§ Saved entries:
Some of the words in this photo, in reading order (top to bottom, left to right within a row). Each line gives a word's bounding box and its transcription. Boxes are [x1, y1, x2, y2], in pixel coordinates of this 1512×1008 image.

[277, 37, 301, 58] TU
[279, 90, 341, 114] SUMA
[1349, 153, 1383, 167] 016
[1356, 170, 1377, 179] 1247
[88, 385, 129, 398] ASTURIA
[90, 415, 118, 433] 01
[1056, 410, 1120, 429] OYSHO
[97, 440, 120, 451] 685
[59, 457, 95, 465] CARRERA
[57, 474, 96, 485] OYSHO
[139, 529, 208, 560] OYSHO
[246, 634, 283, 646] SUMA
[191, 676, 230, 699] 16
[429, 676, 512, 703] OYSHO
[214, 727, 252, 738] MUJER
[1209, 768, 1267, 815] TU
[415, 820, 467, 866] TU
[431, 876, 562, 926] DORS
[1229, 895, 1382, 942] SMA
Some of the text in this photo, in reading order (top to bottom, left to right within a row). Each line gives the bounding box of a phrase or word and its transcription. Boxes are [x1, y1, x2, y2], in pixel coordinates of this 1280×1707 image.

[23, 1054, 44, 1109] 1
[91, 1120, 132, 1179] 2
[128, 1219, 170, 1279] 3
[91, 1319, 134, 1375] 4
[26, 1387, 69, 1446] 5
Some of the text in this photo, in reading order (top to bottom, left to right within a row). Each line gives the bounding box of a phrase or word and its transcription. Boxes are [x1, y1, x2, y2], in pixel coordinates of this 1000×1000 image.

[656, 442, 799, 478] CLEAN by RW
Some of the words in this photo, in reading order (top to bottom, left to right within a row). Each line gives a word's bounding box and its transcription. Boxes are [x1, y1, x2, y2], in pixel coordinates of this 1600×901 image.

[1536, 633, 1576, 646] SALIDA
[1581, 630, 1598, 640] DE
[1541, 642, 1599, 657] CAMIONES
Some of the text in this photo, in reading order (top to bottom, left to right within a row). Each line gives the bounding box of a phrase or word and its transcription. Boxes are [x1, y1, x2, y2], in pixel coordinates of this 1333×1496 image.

§ HOW TO COMPLETE THIS TASK: Set down each record above without changing a single word.

§ ANSWER SPACE:
Some of the words in this photo, in reading order (top to bottom, left to right within a row). Each line gives a word's bounding box and its transcription. Boxes are [x1, y1, x2, y2], in pixel coordinates of this 1512×1008 image.

[277, 37, 301, 58] TU
[279, 90, 341, 114] SUMA
[1349, 153, 1383, 167] 016
[1356, 170, 1377, 179] 1247
[88, 385, 129, 398] ASTURIA
[90, 415, 118, 433] 01
[1056, 410, 1120, 429] OYSHO
[97, 440, 120, 451] 685
[59, 457, 95, 465] CARRERA
[57, 474, 96, 485] OYSHO
[139, 529, 208, 560] OYSHO
[246, 634, 283, 646] SUMA
[191, 676, 230, 699] 16
[429, 676, 512, 703] OYSHO
[214, 727, 252, 738] MUJER
[1209, 768, 1267, 815] TU
[415, 820, 467, 866] TU
[431, 876, 562, 926] DORS
[1229, 895, 1382, 942] SMA
Some of the text in this photo, in reading order (top to bottom, left to right within a row). Each line gives the bounding box of a phrase or word and its transcription. Boxes are [x1, y1, x2, y2], in pixel coordinates of this 1280×1707 image.

[23, 1054, 44, 1109] 1
[91, 1120, 132, 1179] 2
[128, 1219, 170, 1279] 3
[91, 1319, 134, 1375] 4
[26, 1387, 69, 1446] 5
Some of the text in this photo, in reading order (top to bottom, left to right within a row). Each line gives the bounding box of a phrase or word and its transcription. Boxes are [x1, y1, x2, y2], in pixel coordinates of this 1000×1000 image.

[656, 442, 799, 478] CLEAN by RW
Some of the words in this photo, in reading order (top to bottom, left to right within a row). Each line gives a word's bounding box and its transcription. Boxes are [x1, y1, x2, y2], in pixel coordinates of this 1600×901 image.

[1536, 633, 1576, 646] SALIDA
[1581, 630, 1598, 640] DE
[1541, 642, 1599, 657] CAMIONES
Some of the text in this photo, in reading order (top to bottom, left to right within a row). Each line gives the bounding box of a phrase or word and its transcription. Boxes are [x1, y1, x2, y2], in pixel coordinates of this 1333×1496 image.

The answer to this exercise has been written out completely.